TASK ITEM » In your copy, leave out the pictures; write out all the data exactly.

::: RECORD EXCERPTS

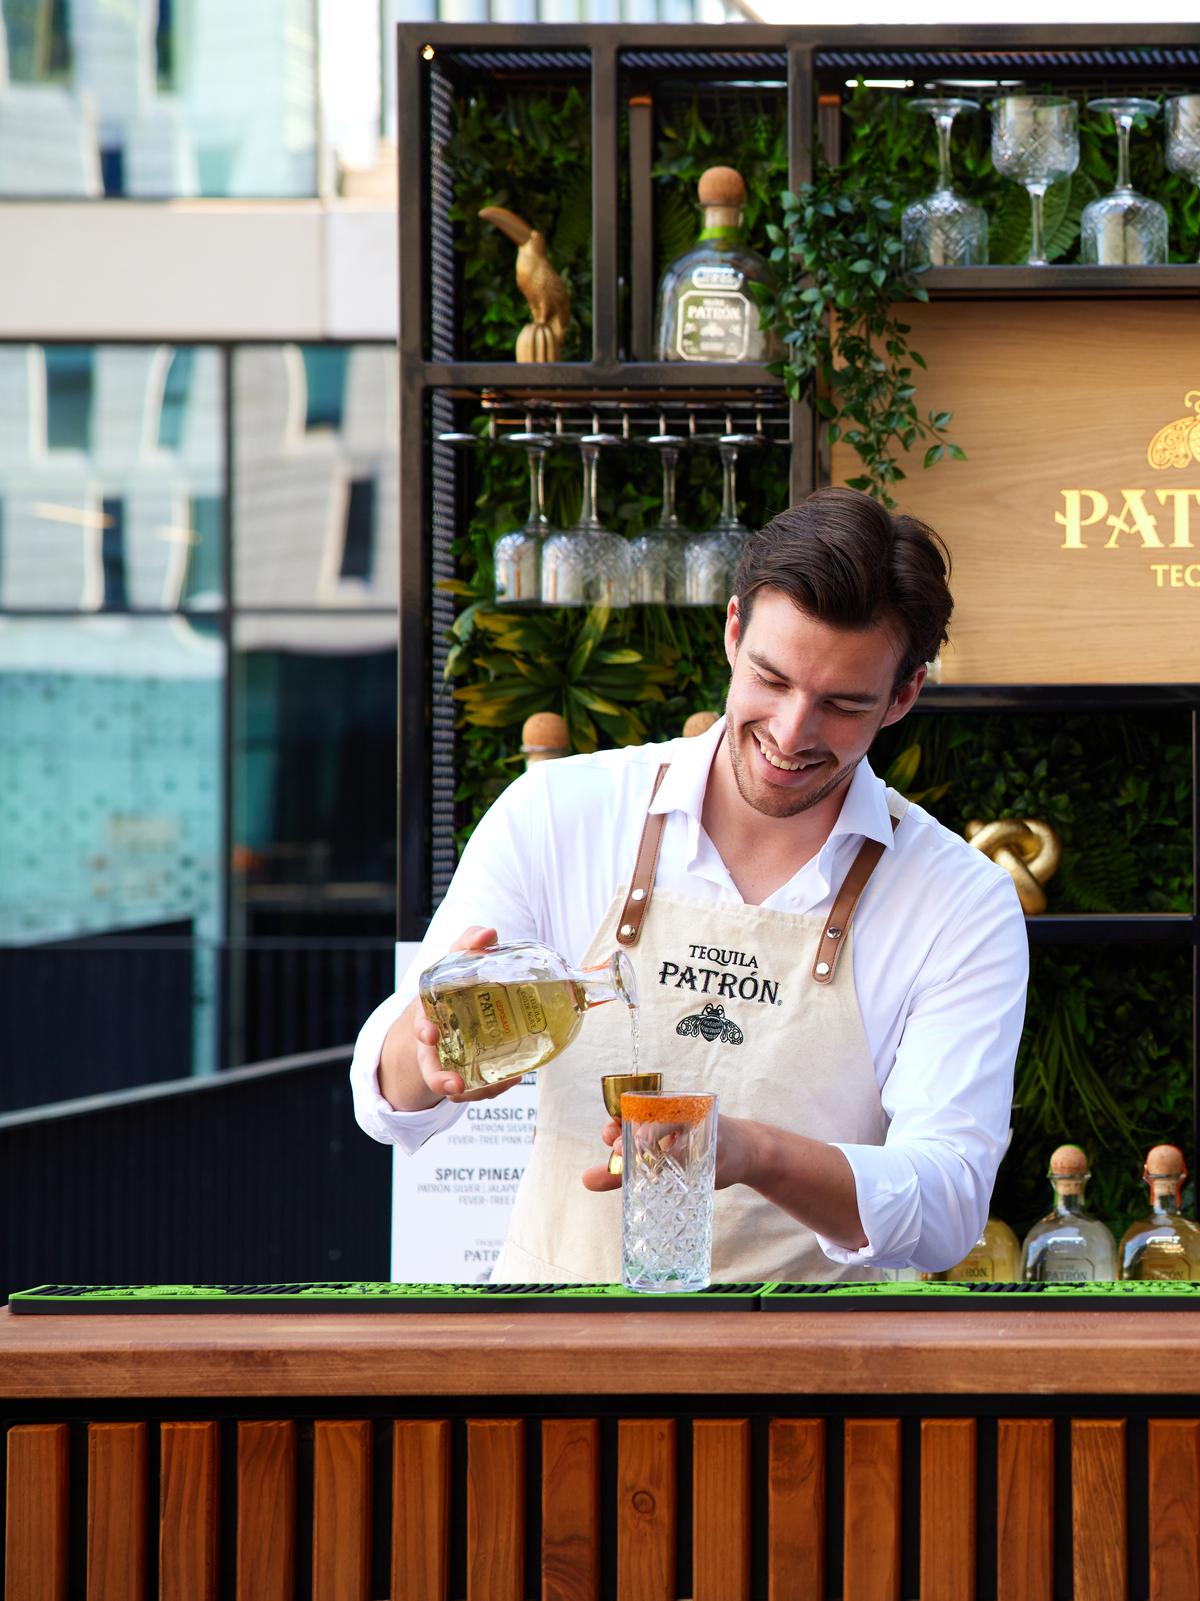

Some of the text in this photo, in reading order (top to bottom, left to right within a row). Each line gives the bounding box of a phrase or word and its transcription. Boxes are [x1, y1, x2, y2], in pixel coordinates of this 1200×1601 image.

[688, 944, 759, 969] TEQUILA
[658, 961, 780, 1005] PATRÓN
[466, 1107, 537, 1120] CLASSIC P
[435, 1168, 474, 1181] SPICY
[464, 1250, 500, 1262] PATR

::::::

WRITTEN RESPONSE »
Some of the text in this photo, in reading order (top to bottom, left to right within a row). Each line gives the bounding box of a phrase or word and its transcription. Boxes are [x1, y1, x2, y2], in pixel coordinates of this 1200×1601 image.

[688, 944, 759, 969] TEQUILA
[658, 961, 780, 1005] PATRÓN
[466, 1107, 537, 1120] CLASSIC P
[435, 1168, 474, 1181] SPICY
[464, 1250, 500, 1262] PATR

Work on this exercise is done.